I have been holding my breath since yesterday morning. I am afraid to exhale because it hurts. My breath gets caught when it hits my heart and I ache so much I force myself to hold it in again.
By holding my breath I am holding in the pain, the tears, the unbelievable completely unfair reality of what transpired just yesterday morning.
What seems like it was yesterday, I sat across from a woman I envied. A woman who I thought had everything and who challenged me to live the life I wanted to live. As our daughters played we sat in her kitchen or mine and we spoke about dreams and realities and to do lists.
Less than a year and half ago she buried her husband who slipped away so quickly from cancer.

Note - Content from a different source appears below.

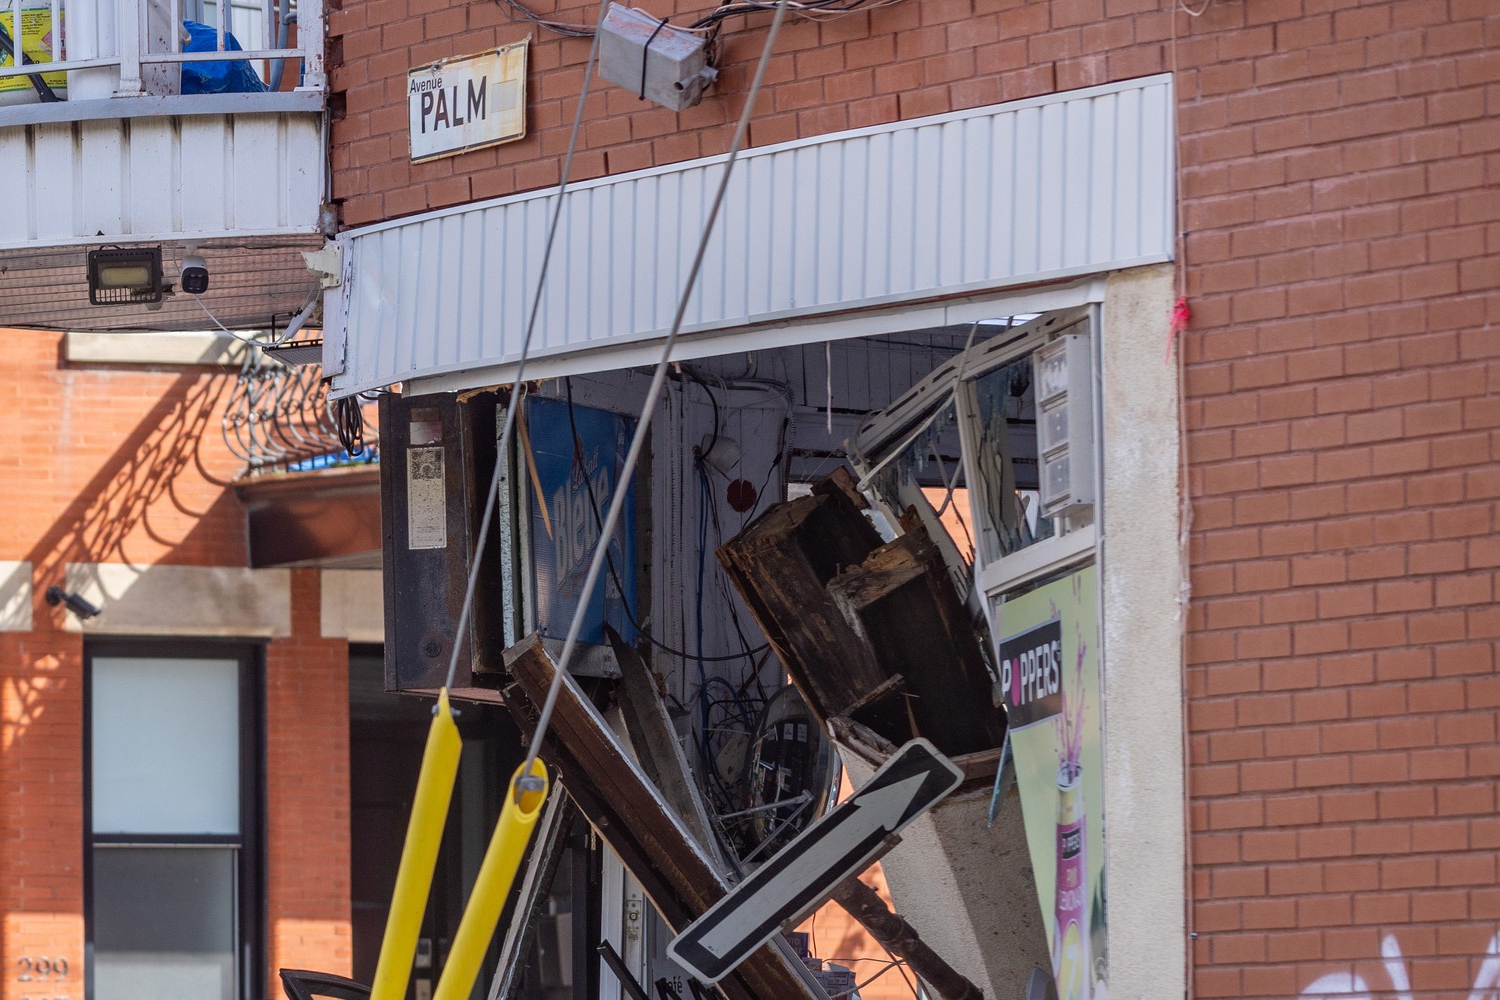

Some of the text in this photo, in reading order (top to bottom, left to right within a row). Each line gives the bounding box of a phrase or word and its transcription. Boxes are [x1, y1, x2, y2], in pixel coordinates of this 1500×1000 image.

[409, 77, 443, 94] Avenue
[421, 75, 487, 134] PALM
[17, 957, 68, 982] 299

Yesterday morning this woman – this friend – this mother – died after her own battle with cancer.
Her eldest daughter the same age as my eldest.
Her youngest daughter only two years younger.
My heart aches for her girls.
My heart aches equally for a mother who knew what was before her and still held strong because of her girls – knowing every single minute over the last few weeks that she too would leave them.
I am hugging my children today and yesterday and hopefully decades from now - so close and so tight that they protest loudly – because it is all I can think of to do.
And I am holding my breath too afraid to exhale because of the ache and the lost dreams and the unfair realities.
Just the act of breathing doesn’t seem fair right now.